As Draco neared the common room entrance, he pushed all thoughts of Granger aside. It was time to make a killing—and not because he needed the money, but because the skill came so naturally.

"Gentlemen," Draco announced to the room full of mostly male Slytherin students. Their eyes watched him as he made his way to the center of the common room. "I give you Creepy McCreevey's fruits of labor."

With a flick of his wand, Creevey's photographs levitated out of the envelope and scattered gracefully onto the table. Vince, Greg, and several other students began to enthusiastically shift through them. Blaise looked on coolly with subdued interest. Even Theodore decided to make an appearance—albeit in the back, away from all the action.

"How much for this one?" that same younger Slytherin from the Great Hall asked.
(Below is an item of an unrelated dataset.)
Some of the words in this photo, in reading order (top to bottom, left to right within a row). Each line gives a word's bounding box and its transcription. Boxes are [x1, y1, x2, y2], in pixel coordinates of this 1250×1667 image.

He was holding up a rather unflattering image of a random Hufflepuff girl.

Draco stroked his chin, brushing across his nearly invisible peach fuzz. "What are your intentions?"
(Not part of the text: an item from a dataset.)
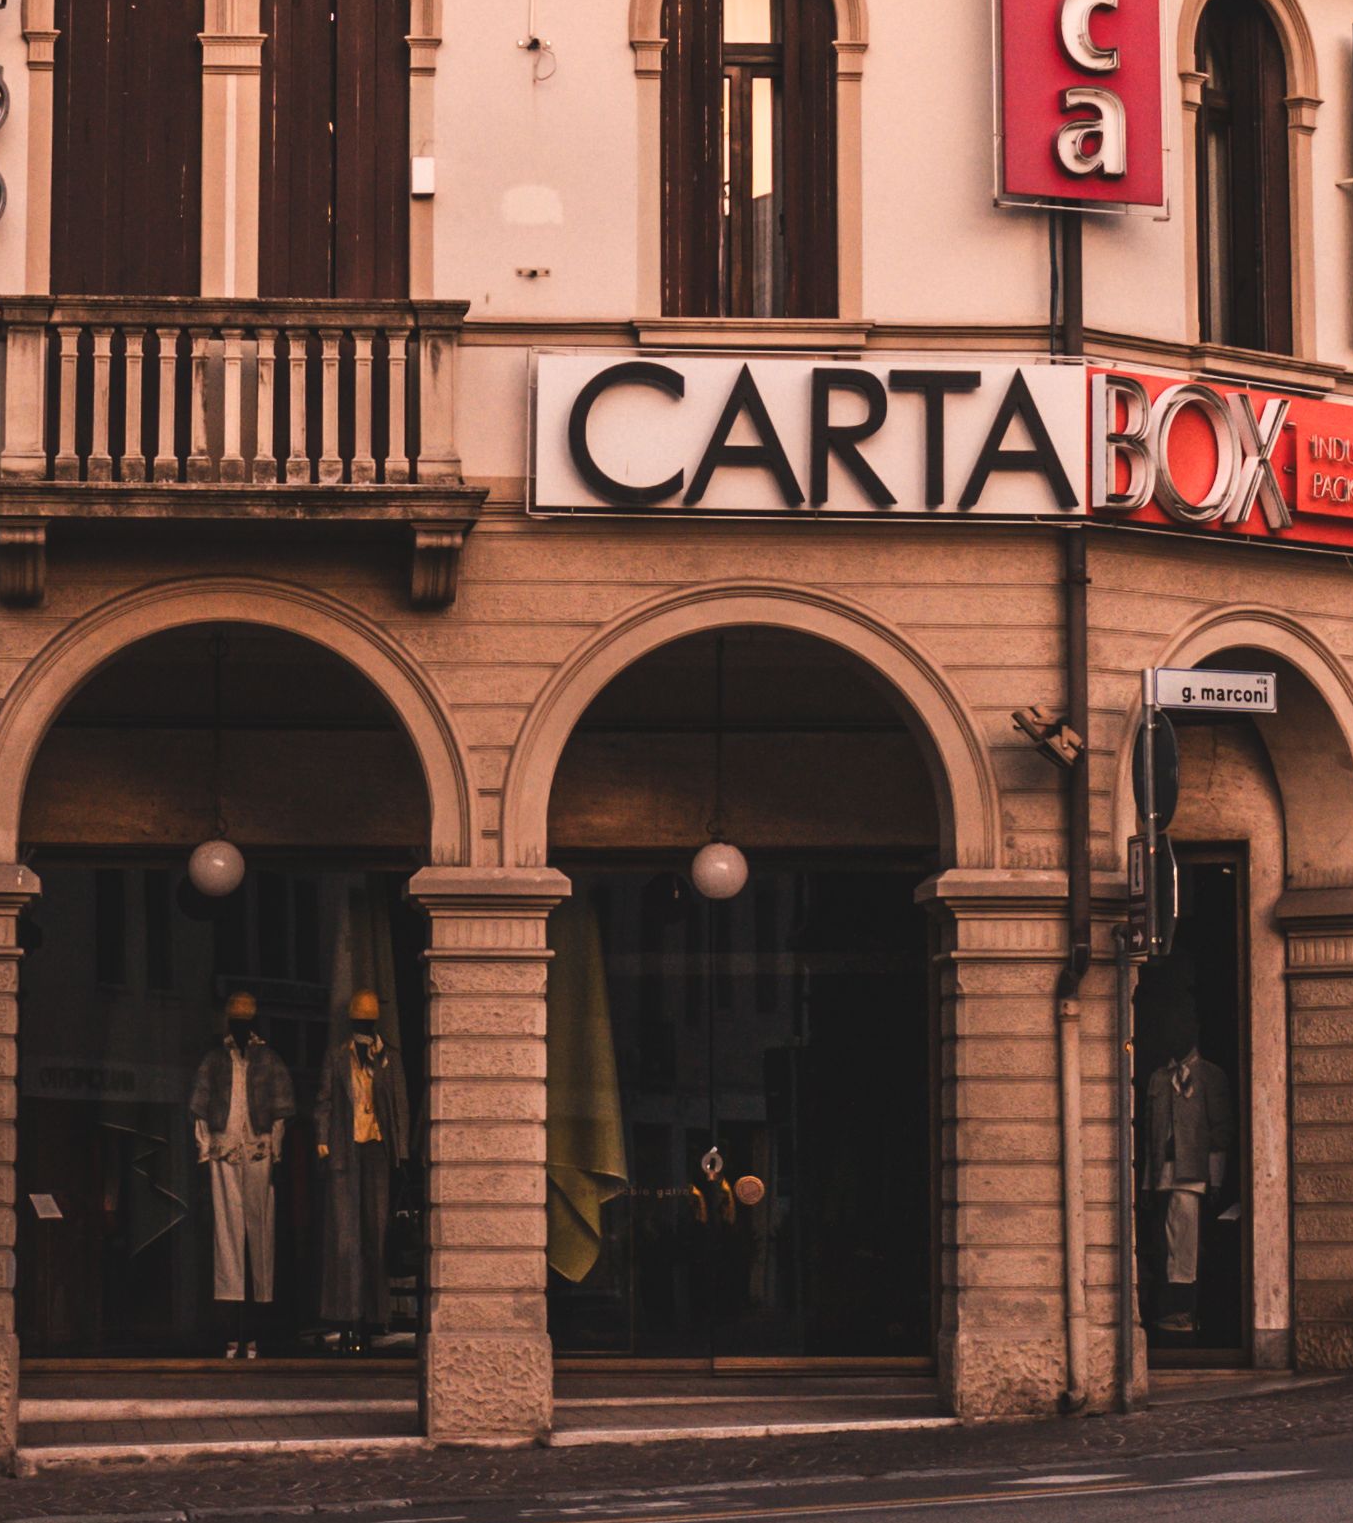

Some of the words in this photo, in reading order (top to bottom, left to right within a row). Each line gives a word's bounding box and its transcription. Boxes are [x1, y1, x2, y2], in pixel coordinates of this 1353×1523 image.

The student looked down at the photograph in his hand, speaking more to it than to Draco. "This'll be great blackmail," he said, the slightest hint of excitement along the edges of his words. "She'll have to do what I tell her after she sees this."

Draco and a few of the others chuckled. "Four galleons, sixteen sickles, and...eleven knuts, then."

The boy frantically began searching his pockets. With a flick of his wrist, Draco levitated the photograph out of the Slytherin's hand and paraded it in front for all the boys to see. When no one tried to outbid the price, the younger boy gave Draco his money, quickly making his way back to the dorms with the picture of the Hufflepuff trapped in his grasp.

"Alright then," Draco called. "Who's next?"

A roar of yells, whistles, commands flooded the common room. Hands plowed at the photographs as though they were plundered treasure. With fingers pointed every which way, several Slytherins pushed against each other to call out their bids and claim their favorites. As the hour slowly passed, more and more photographs began to trickle away, leaving with their new owners.

Draco was not surprised to find the majority of leftovers were candid shots of Potter. It was then that Theodore approached him.

"Come to feed off the scraps, then?" Draco joked without malice.

His friend grinned. Draco didn't have to be a Slytherin to see the true intentions lying beneath Theodore's devious smile. "There were none of Granger."

It didn't come out as a question. Draco shrugged, turning his back on Theodore. He waved away the remaining Slytherins as they hovered over the photographs like flies among carrion. "Maybe Creevey got bored of chasing the Mudblood."

"Creevey's got a crush on her," Theodore elaborated. "Yet she's not in this batch."

"Maybe he's not as creepy as we thought," Draco suggested as he organized the photos into a pile. He gingerly placed them back into the envelope. "Maybe he was smart this time. Decided to keep her pinned up to his wall, instead of lugging the evidence around all day."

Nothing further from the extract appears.